* Task to complete:
Beginning with the line containing "Some of the text" and ending with the last line of the records, set down every line exactly.

[Annotated photo localization data]
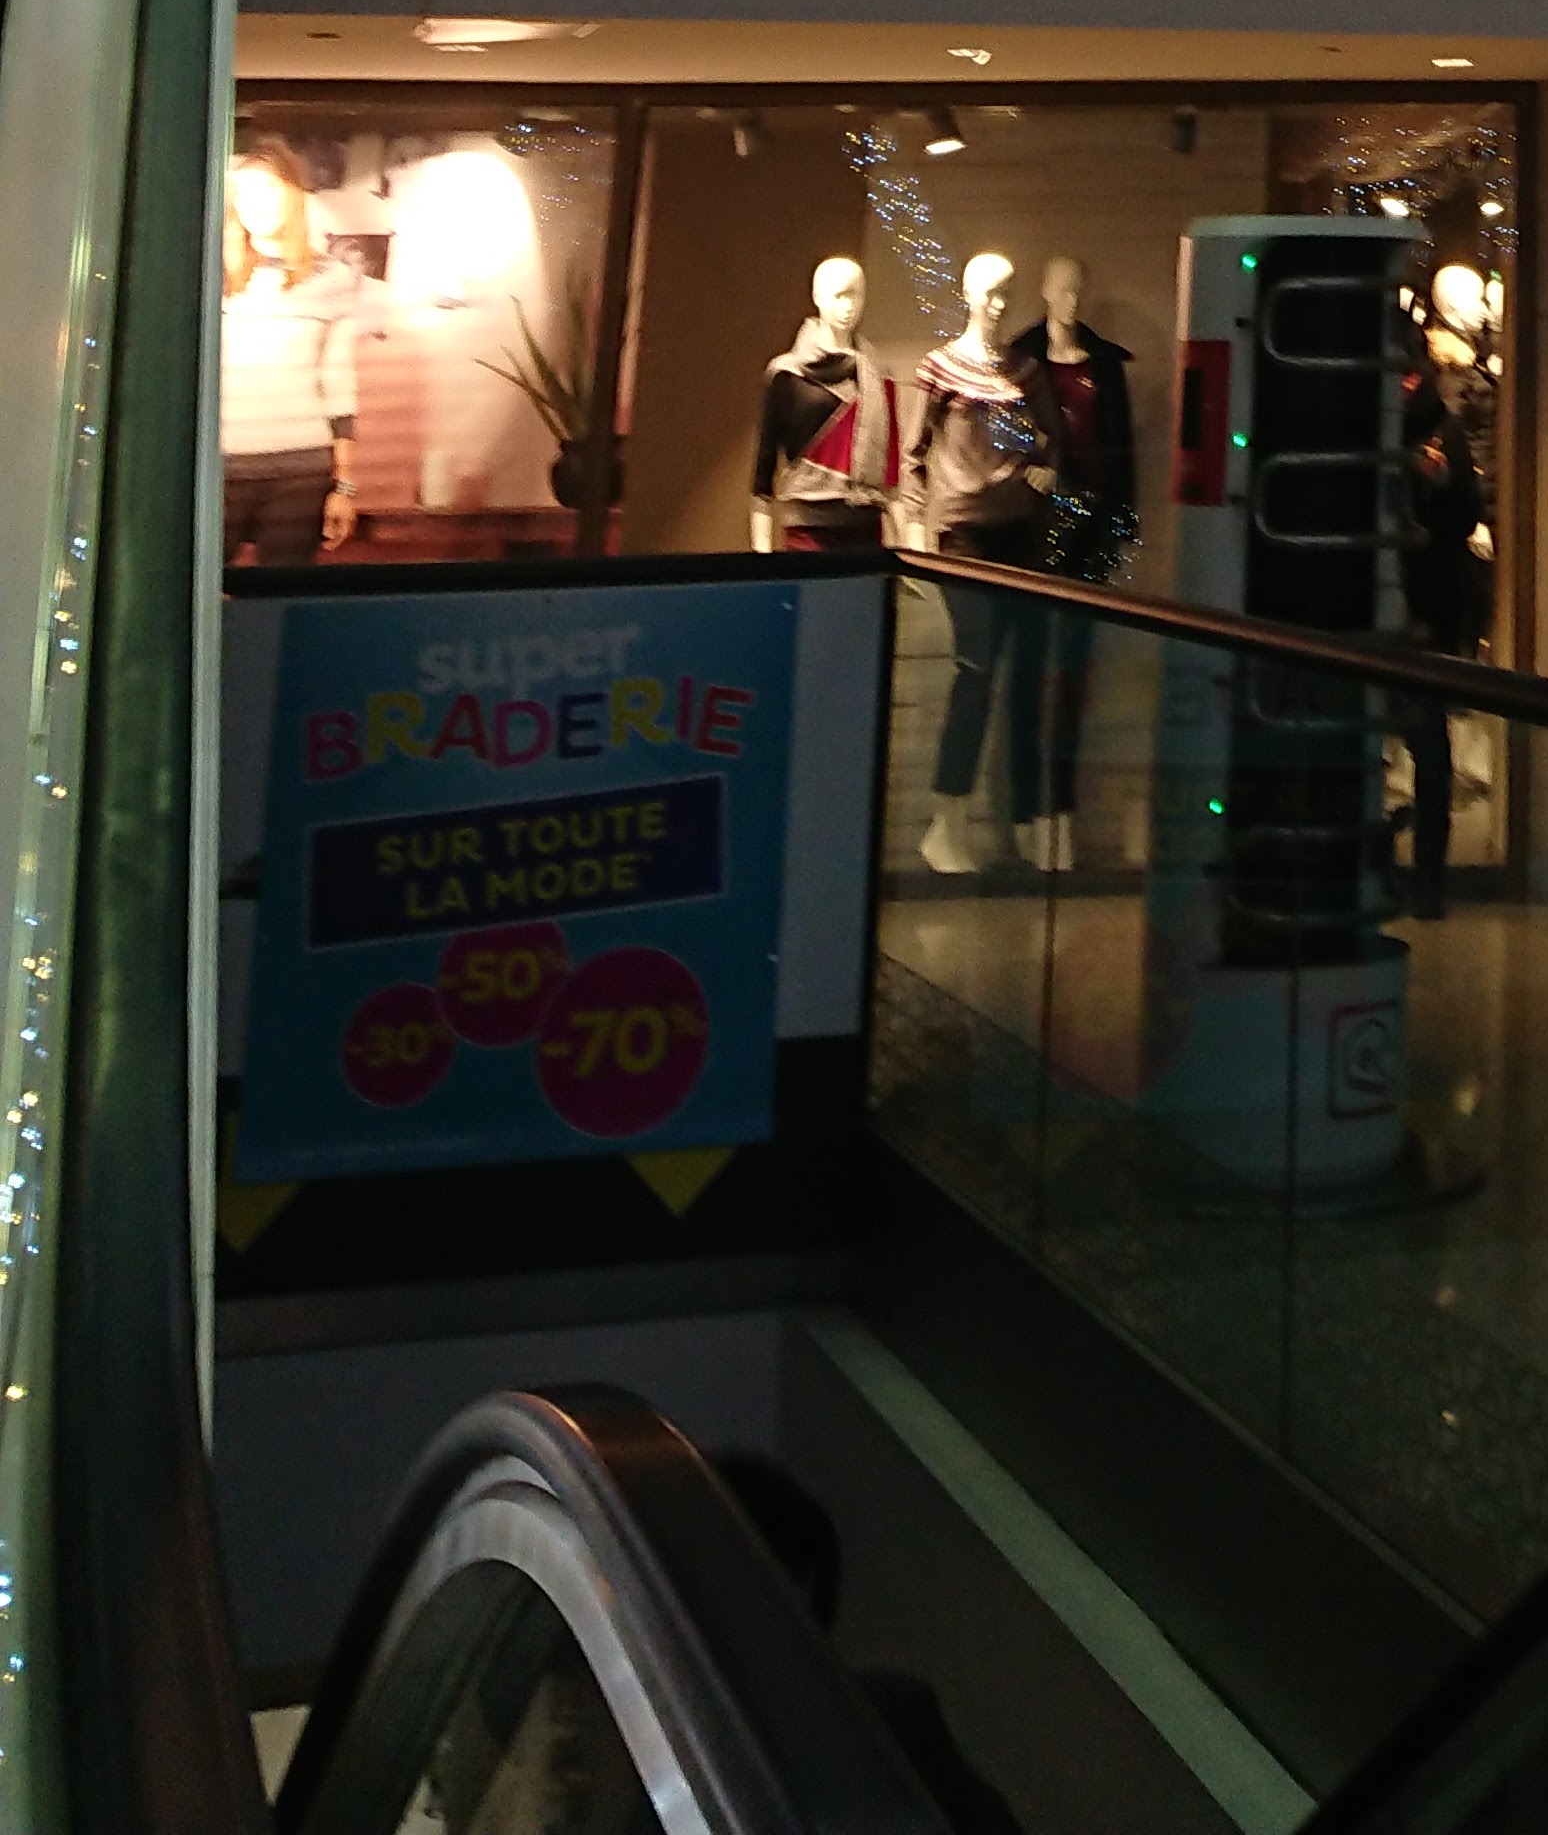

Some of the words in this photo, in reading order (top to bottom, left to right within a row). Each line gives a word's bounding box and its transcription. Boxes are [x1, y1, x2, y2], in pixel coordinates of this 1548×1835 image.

[419, 627, 640, 697] super
[306, 676, 752, 780] BRADERIE
[376, 826, 485, 875] SUR
[499, 803, 668, 857] TOUTE
[406, 877, 471, 919] LA
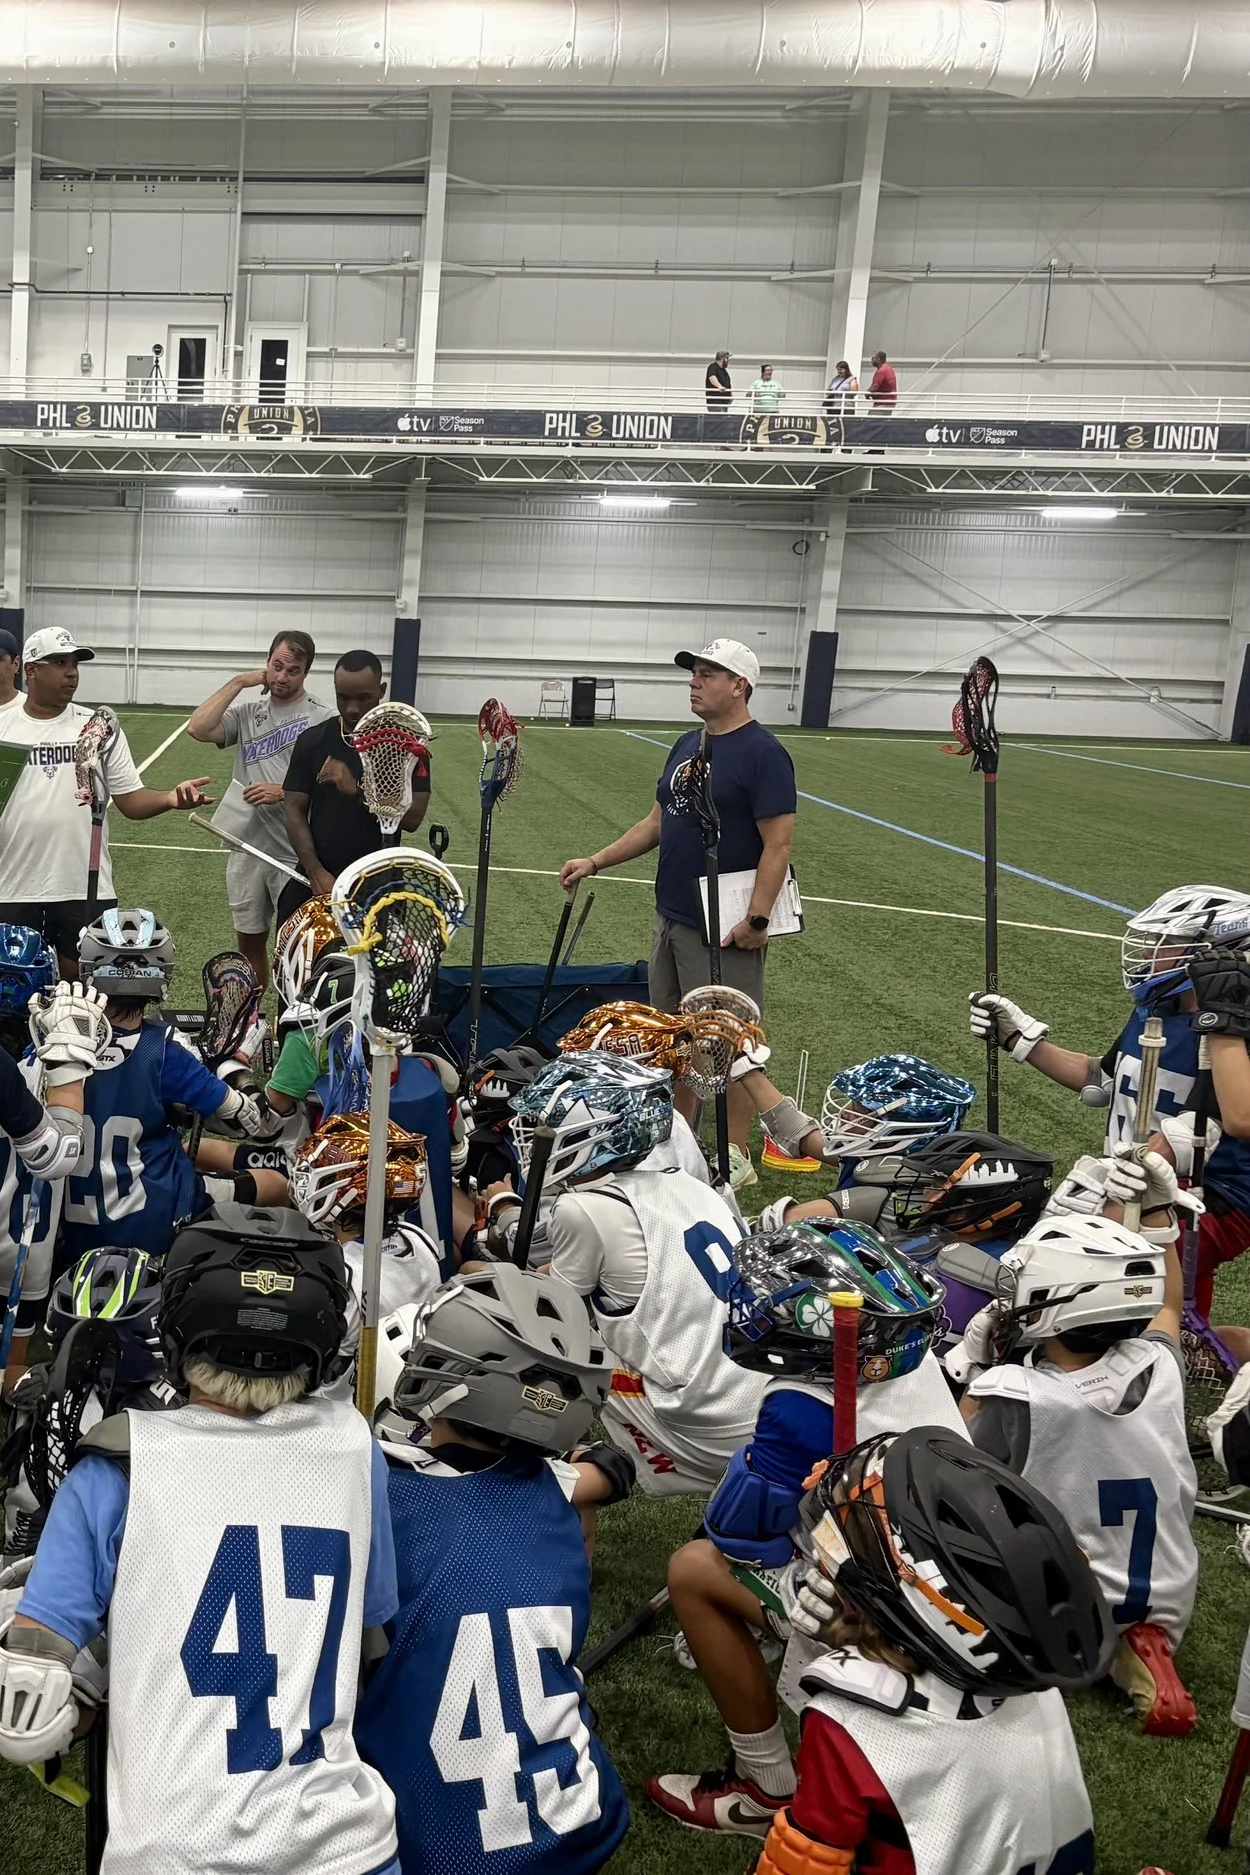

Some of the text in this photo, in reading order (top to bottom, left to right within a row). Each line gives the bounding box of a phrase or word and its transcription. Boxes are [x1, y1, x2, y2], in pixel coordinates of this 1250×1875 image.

[36, 403, 157, 429] PHL UNION
[253, 406, 289, 419] UNION
[454, 416, 485, 425] Season
[411, 415, 431, 432] tv
[453, 424, 473, 432] Pass
[544, 412, 673, 439] PHL UNION
[774, 417, 812, 429] UNION
[940, 426, 962, 443] tv
[984, 436, 1006, 445] Pass
[986, 427, 1018, 437] Season
[1080, 424, 1220, 451] PHL UNION
[1096, 1477, 1158, 1625] 7
[179, 1524, 351, 1775] 47
[422, 1605, 603, 1853] 45

* Response to this task:
Some of the text in this photo, in reading order (top to bottom, left to right within a row). Each line gives the bounding box of a phrase or word and its transcription. Boxes are [x1, y1, x2, y2], in pixel coordinates of this 1250×1875 image.

[36, 403, 157, 429] PHL UNION
[253, 406, 289, 419] UNION
[454, 416, 485, 425] Season
[411, 415, 431, 432] tv
[453, 424, 473, 432] Pass
[544, 412, 673, 439] PHL UNION
[774, 417, 812, 429] UNION
[940, 426, 962, 443] tv
[984, 436, 1006, 445] Pass
[986, 427, 1018, 437] Season
[1080, 424, 1220, 451] PHL UNION
[1096, 1477, 1158, 1625] 7
[179, 1524, 351, 1775] 47
[422, 1605, 603, 1853] 45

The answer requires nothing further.